- _WORK INSTRUCTIONS_
All records below are to be transcribed exactly, with every picture left out.

- _DATA EXCERPTS_
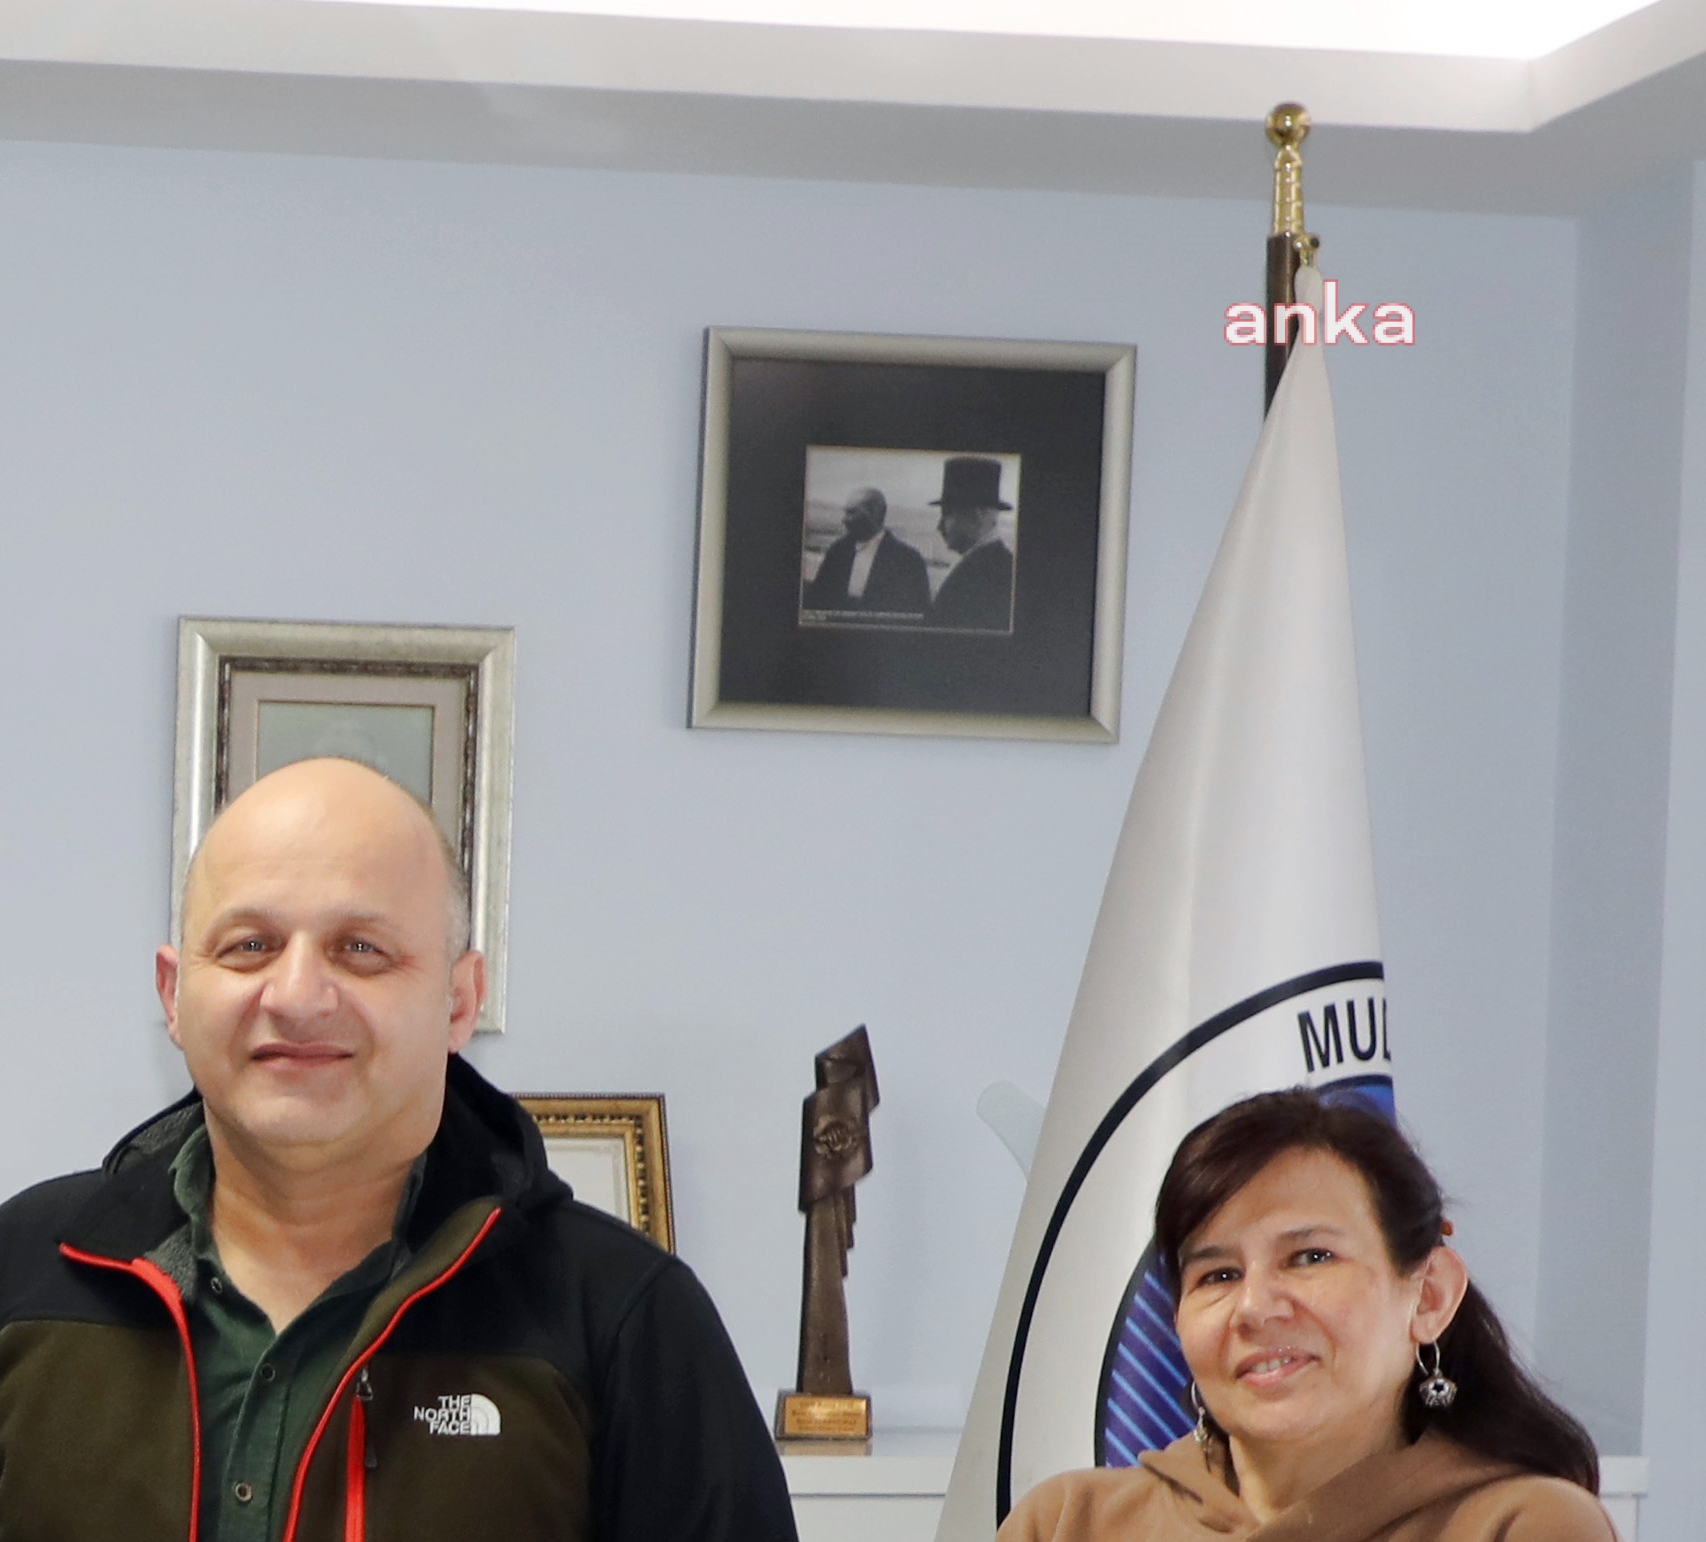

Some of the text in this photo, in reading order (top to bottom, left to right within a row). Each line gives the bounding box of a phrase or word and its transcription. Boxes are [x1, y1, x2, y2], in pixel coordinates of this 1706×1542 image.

[437, 1394, 471, 1410] THE
[414, 1405, 471, 1422] NORTH
[429, 1420, 471, 1435] FACE
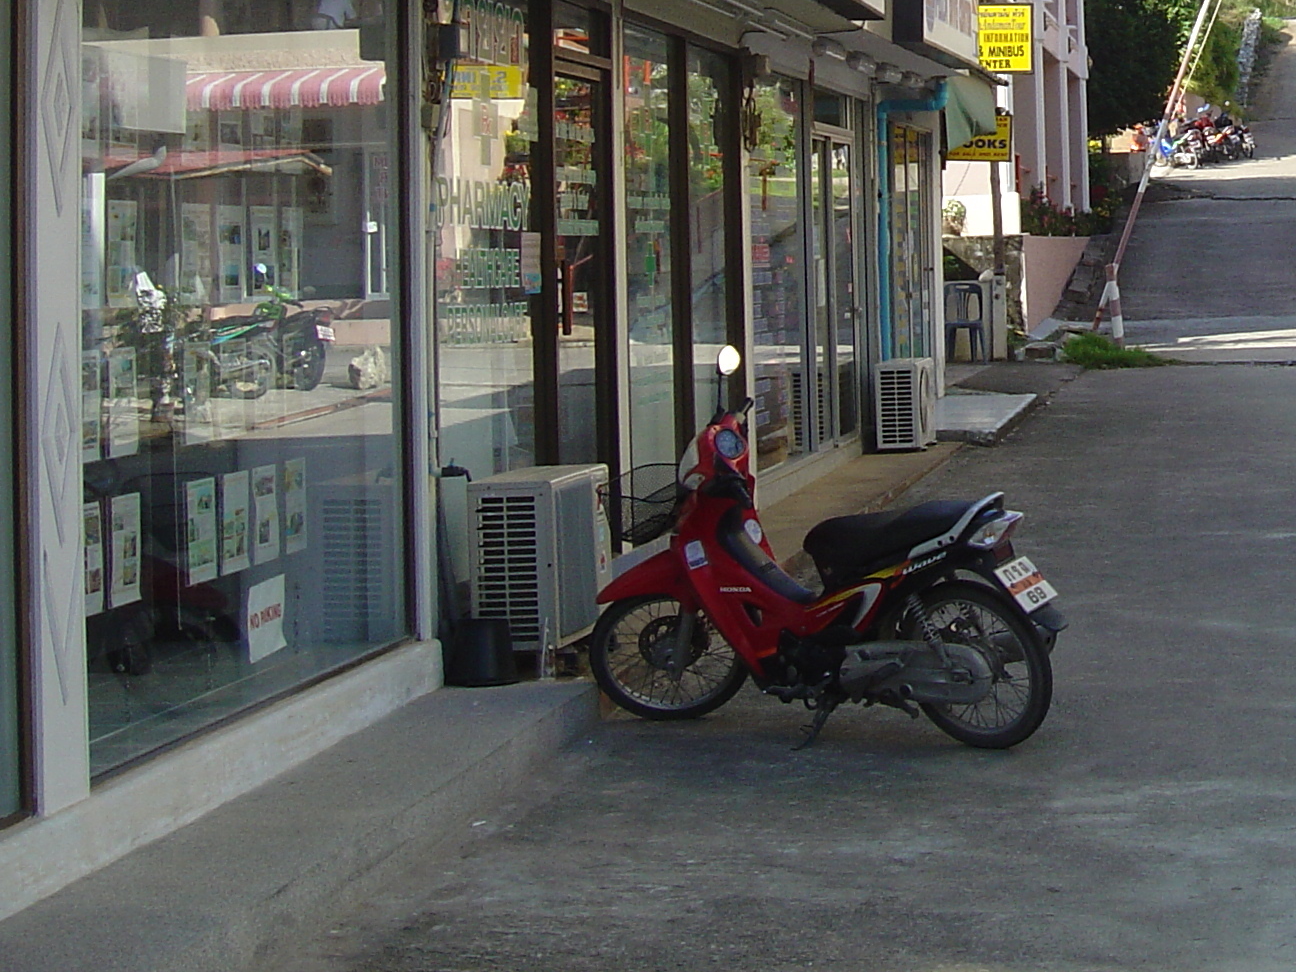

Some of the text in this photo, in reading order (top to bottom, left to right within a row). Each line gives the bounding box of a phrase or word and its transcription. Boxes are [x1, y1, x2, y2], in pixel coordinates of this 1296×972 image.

[984, 32, 1029, 43] INFORMATION
[988, 44, 1025, 58] MINIBUS
[436, 176, 531, 232] PHARMACY
[719, 585, 752, 593] HONDA

- _OUTPUT FOR THIS TASK_
Some of the text in this photo, in reading order (top to bottom, left to right within a row). Each line gives the bounding box of a phrase or word and its transcription. Boxes are [x1, y1, x2, y2], in pixel coordinates of this 1706×1542 image.

[437, 1394, 471, 1410] THE
[414, 1405, 471, 1422] NORTH
[429, 1420, 471, 1435] FACE

Some of the text in this photo, in reading order (top to bottom, left to right within a row). Each line gives the bounding box of a phrase or word and its transcription. Boxes are [x1, y1, x2, y2], in pixel coordinates of this 1296×972 image.

[984, 32, 1029, 43] INFORMATION
[988, 44, 1025, 58] MINIBUS
[436, 176, 531, 232] PHARMACY
[719, 585, 752, 593] HONDA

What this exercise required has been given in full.